TASK GOAL: Word for word, restate every line from the one with "this 1625×1080 image." through the end of the records below, both included, and add nothing.

DATA EXTRACTS:
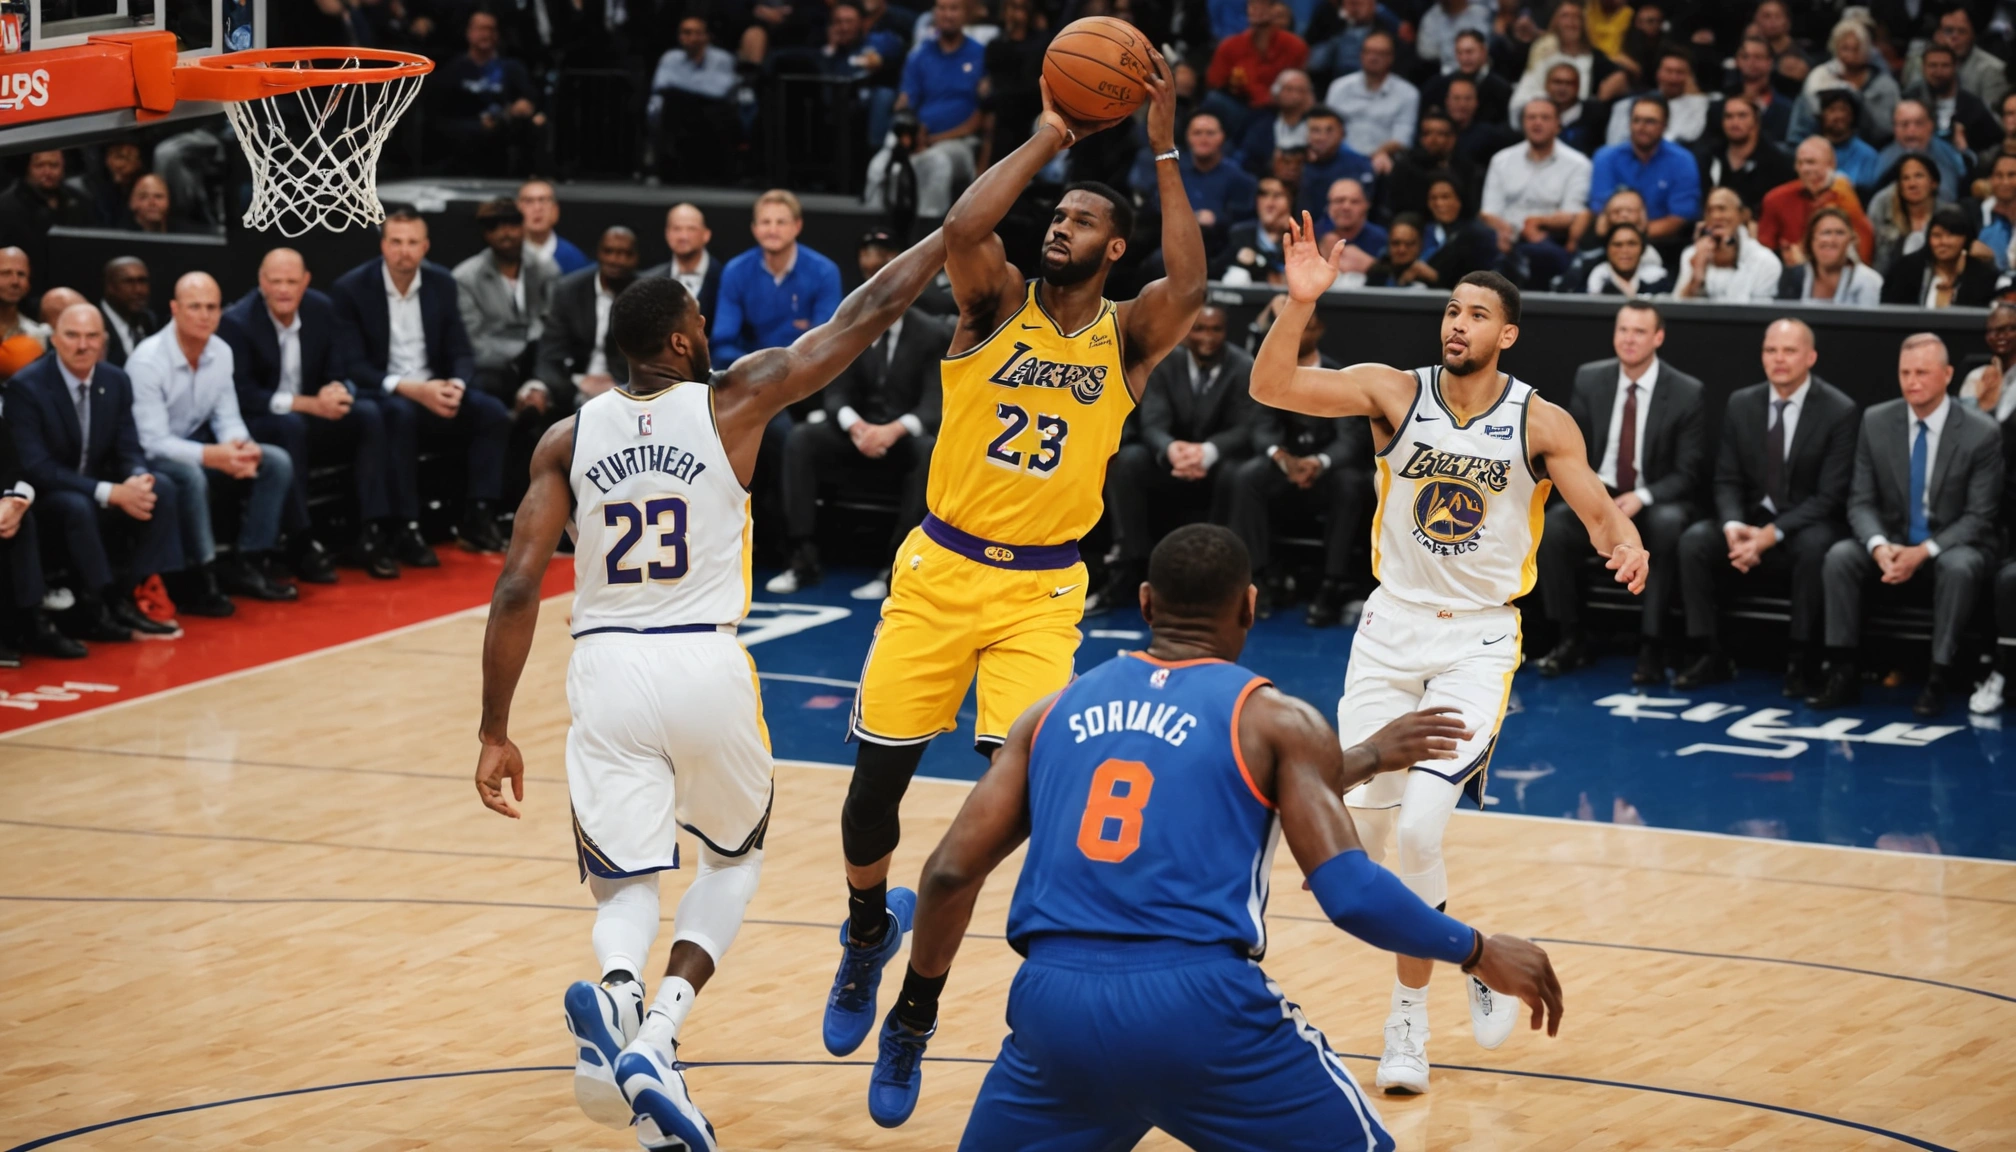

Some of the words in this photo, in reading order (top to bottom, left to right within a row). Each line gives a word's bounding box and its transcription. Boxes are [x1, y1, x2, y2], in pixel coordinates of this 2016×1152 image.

[987, 403, 1069, 473] 23
[604, 497, 689, 585] 23
[1076, 757, 1155, 864] 8
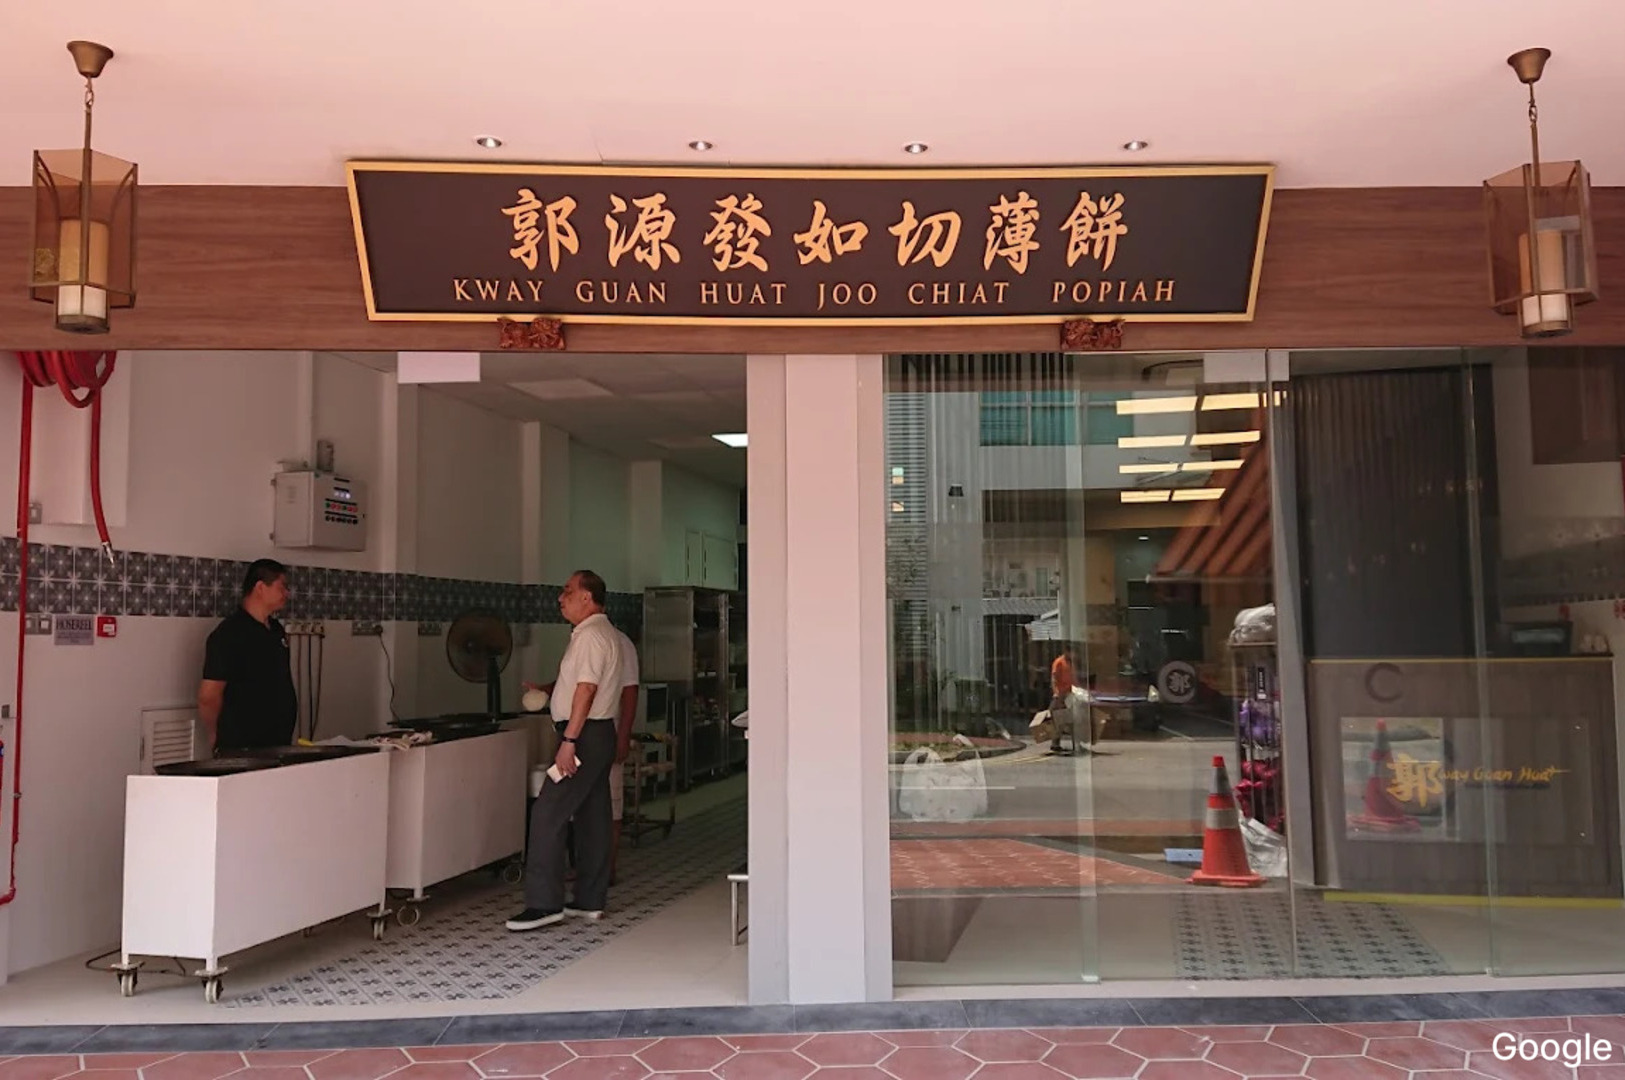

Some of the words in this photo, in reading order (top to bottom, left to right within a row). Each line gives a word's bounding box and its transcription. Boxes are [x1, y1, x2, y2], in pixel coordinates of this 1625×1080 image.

[501, 188, 1128, 275] 郭源發如切薄餅
[453, 279, 543, 302] KWAY
[575, 280, 666, 303] GUAN
[701, 282, 787, 305] HUAT
[816, 283, 877, 310] JOO
[908, 282, 1009, 305] CHIAT
[1053, 280, 1174, 303] POPIAH

EXERCISE RESPONSE:
Some of the words in this photo, in reading order (top to bottom, left to right within a row). Each line gives a word's bounding box and its transcription. Boxes are [x1, y1, x2, y2], in pixel coordinates of this 1625×1080 image.

[501, 188, 1128, 275] 郭源發如切薄餅
[453, 279, 543, 302] KWAY
[575, 280, 666, 303] GUAN
[701, 282, 787, 305] HUAT
[816, 283, 877, 310] JOO
[908, 282, 1009, 305] CHIAT
[1053, 280, 1174, 303] POPIAH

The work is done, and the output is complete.